'''
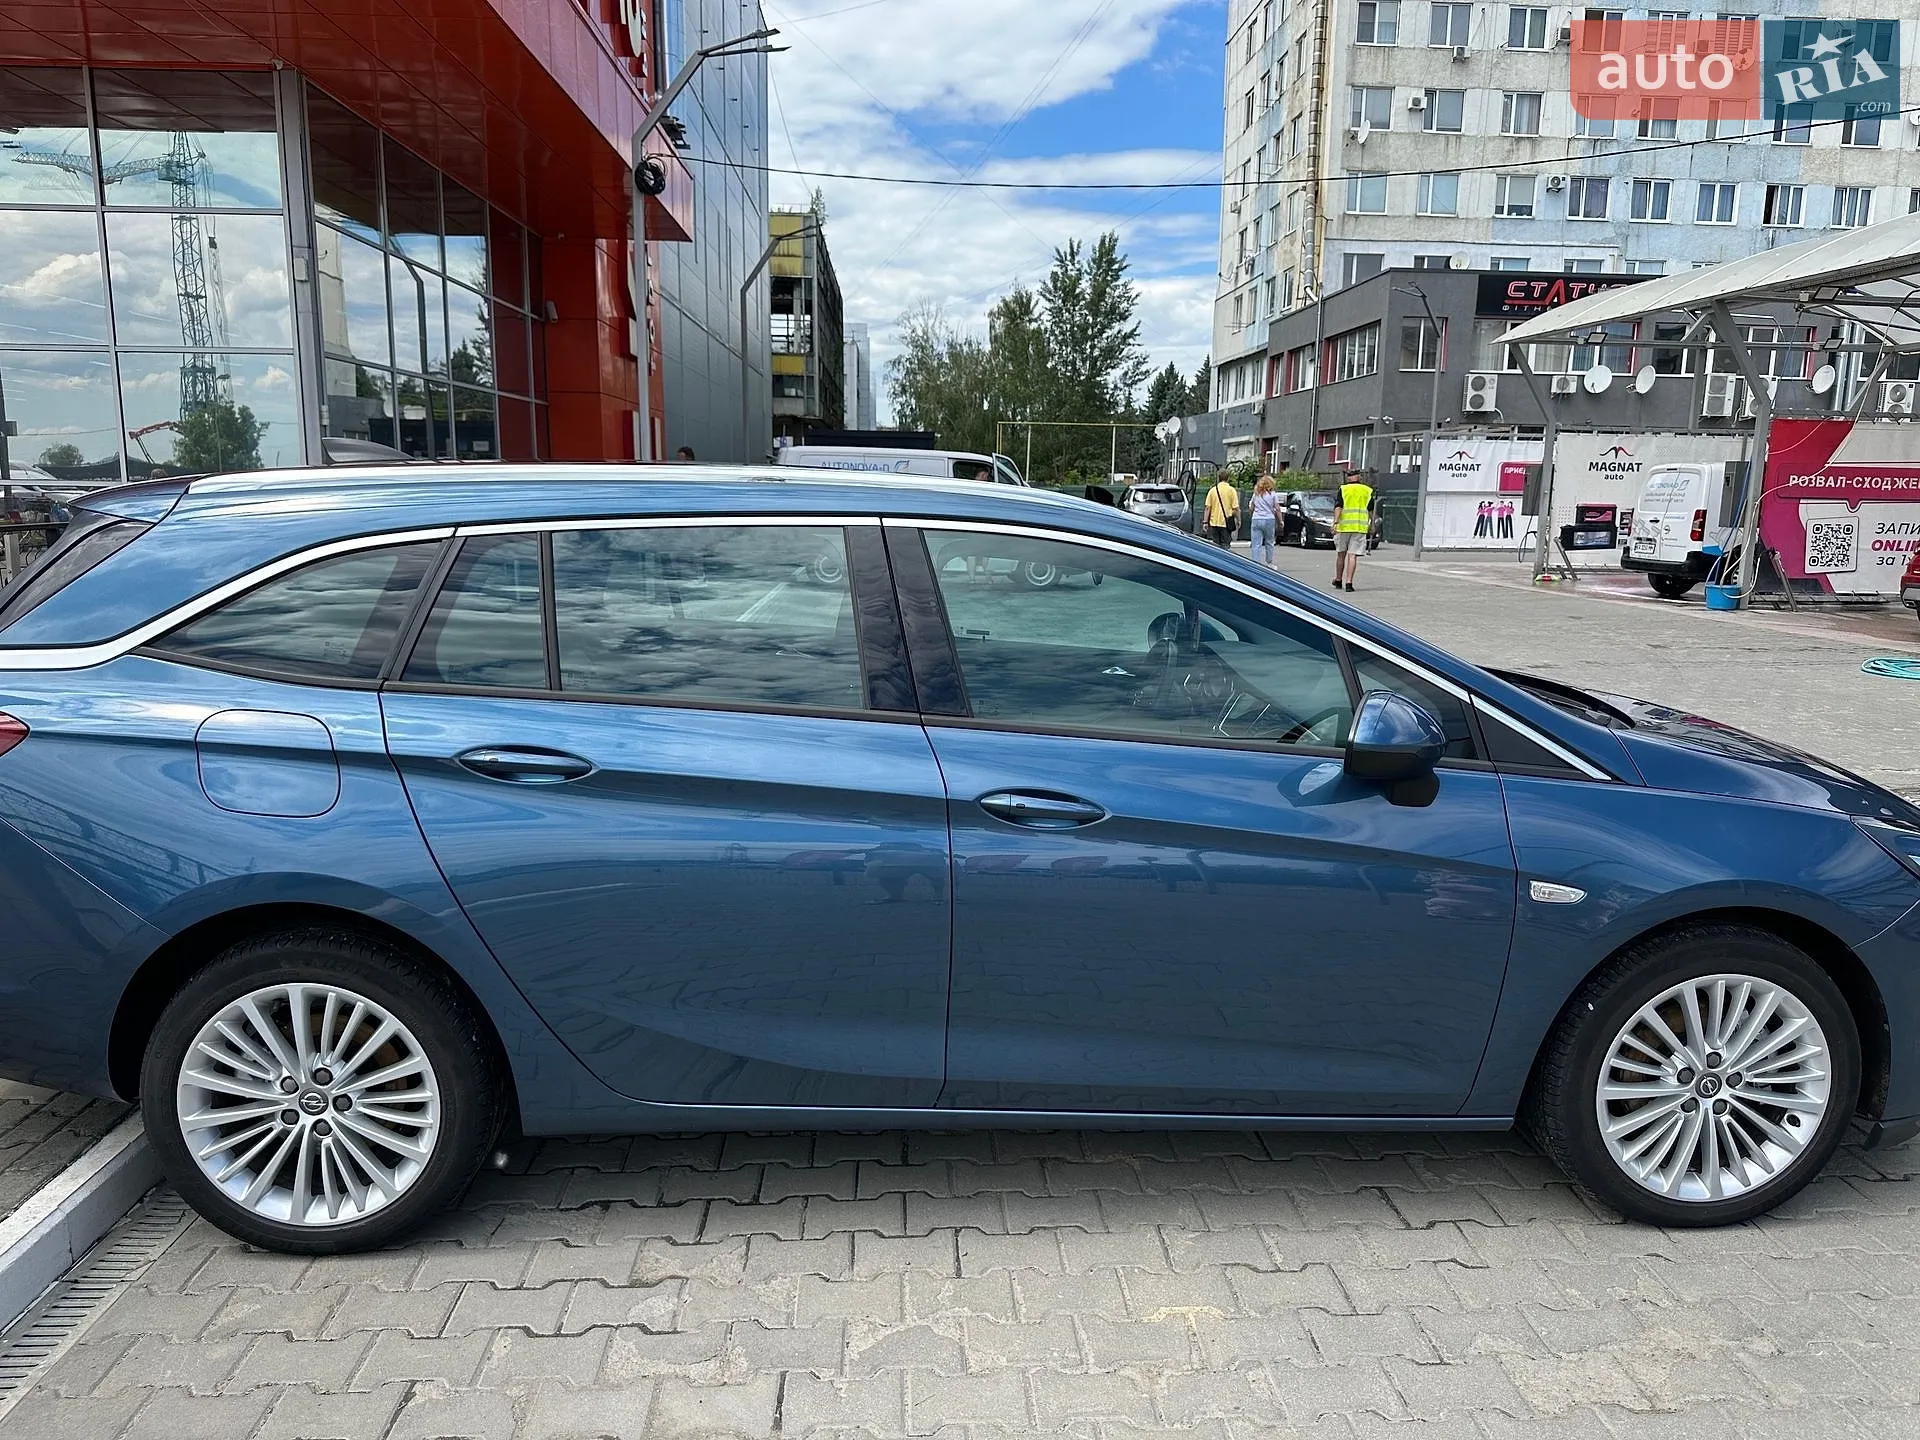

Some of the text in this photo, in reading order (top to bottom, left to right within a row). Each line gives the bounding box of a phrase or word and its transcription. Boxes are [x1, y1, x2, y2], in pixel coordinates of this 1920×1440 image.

[1504, 278, 1628, 306] СТАТ
[1438, 463, 1481, 472] MAGNAT
[1588, 461, 1643, 472] MAGNAT
[1789, 475, 1920, 491] РОЗВАЛ-СХОДЖЕ
[1876, 556, 1896, 566] за
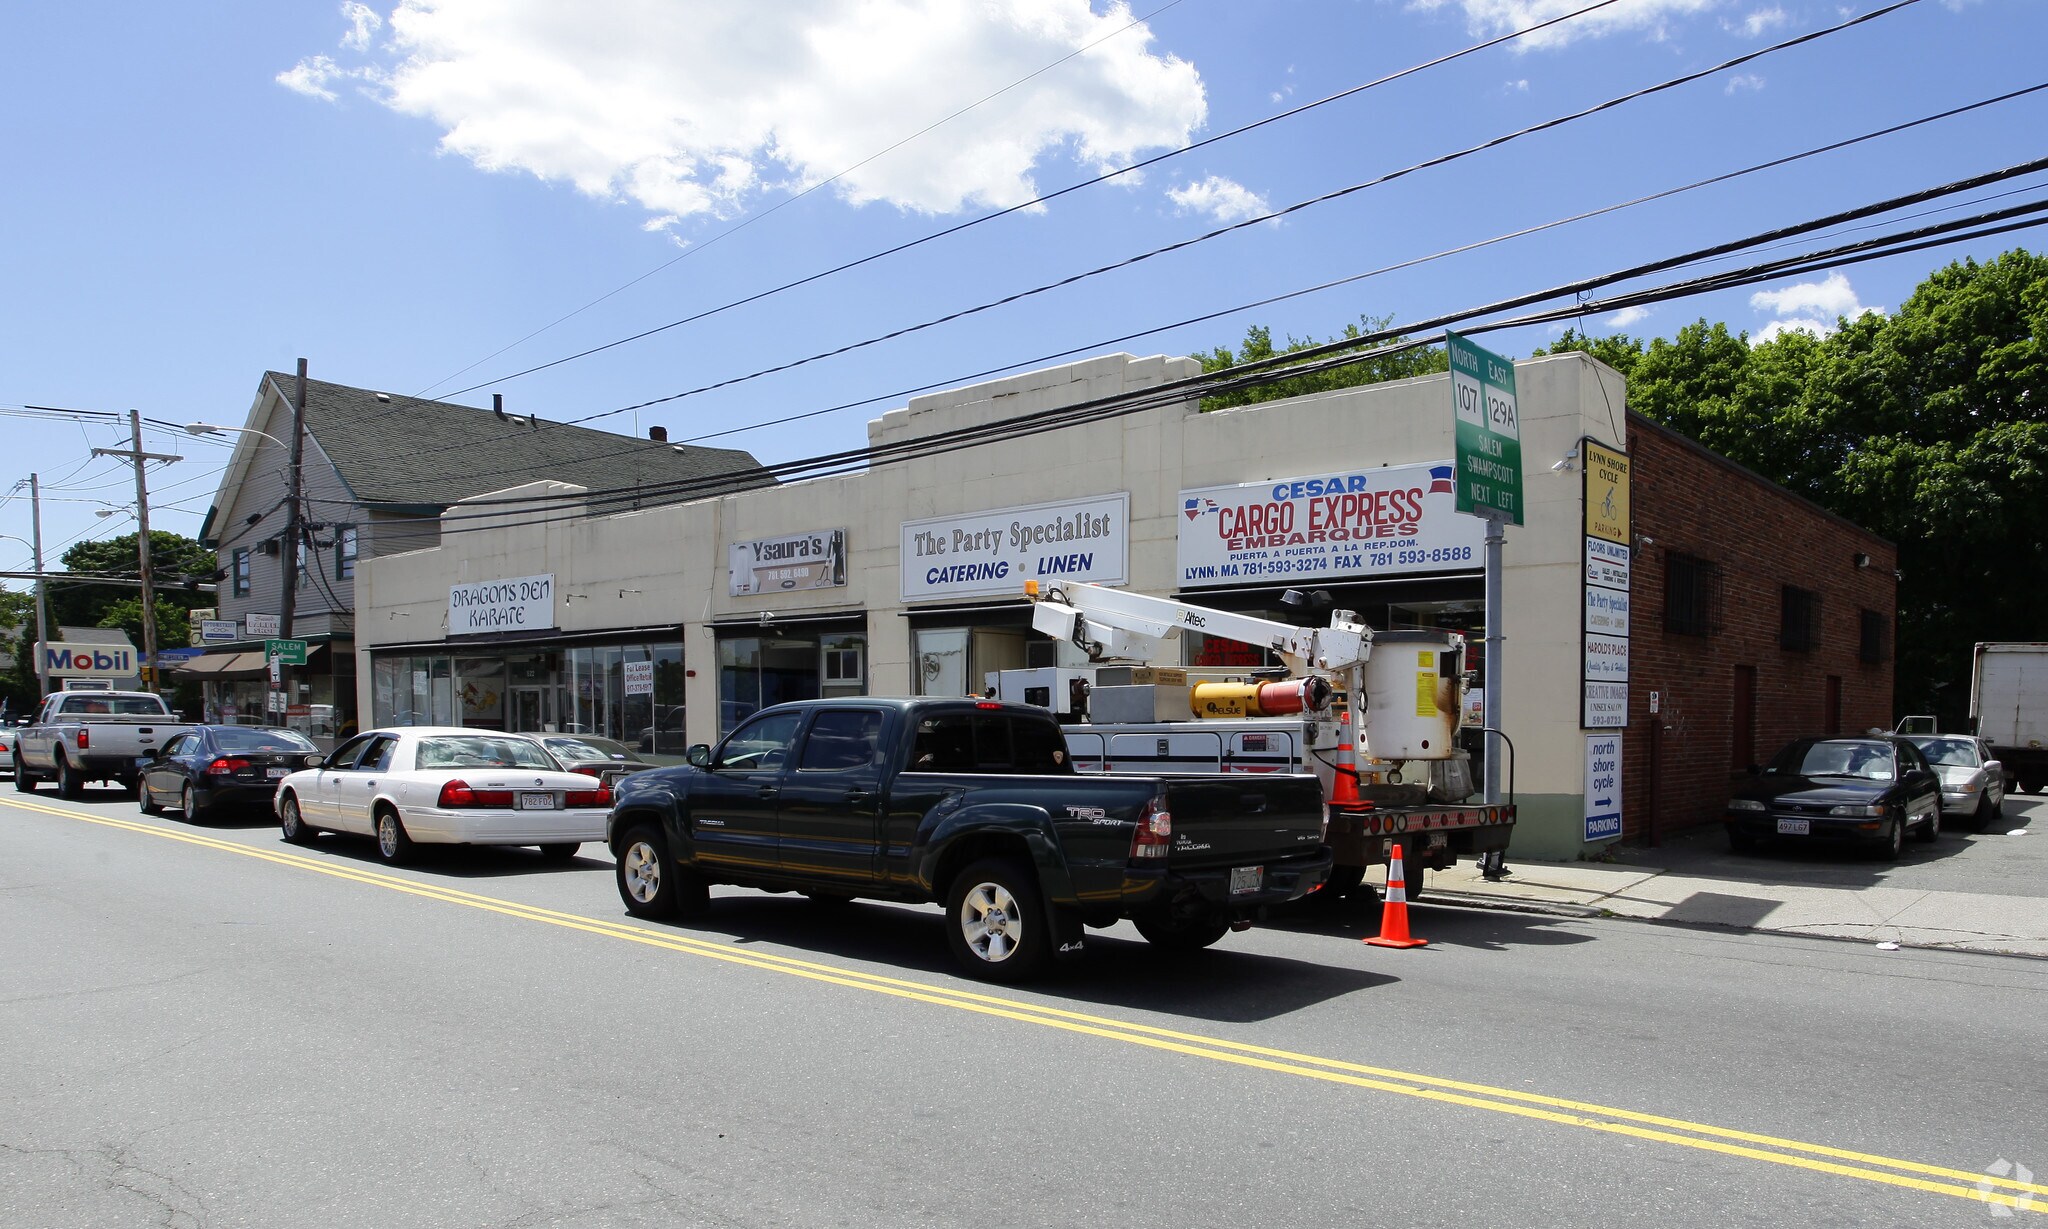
'''
• PROBLEM DETAILS:
Copy out the records exactly; the pictures stay behind.

• WRITTEN ANSWER:
Some of the text in this photo, in reading order (top to bottom, left to right within a row). Each line gives the bounding box of a phrase or word and its transcription. Boxes are [x1, y1, x2, y2], in pixel coordinates of this 1920×1440 image.

[1504, 278, 1628, 306] СТАТ
[1438, 463, 1481, 472] MAGNAT
[1588, 461, 1643, 472] MAGNAT
[1789, 475, 1920, 491] РОЗВАЛ-СХОДЖЕ
[1876, 556, 1896, 566] за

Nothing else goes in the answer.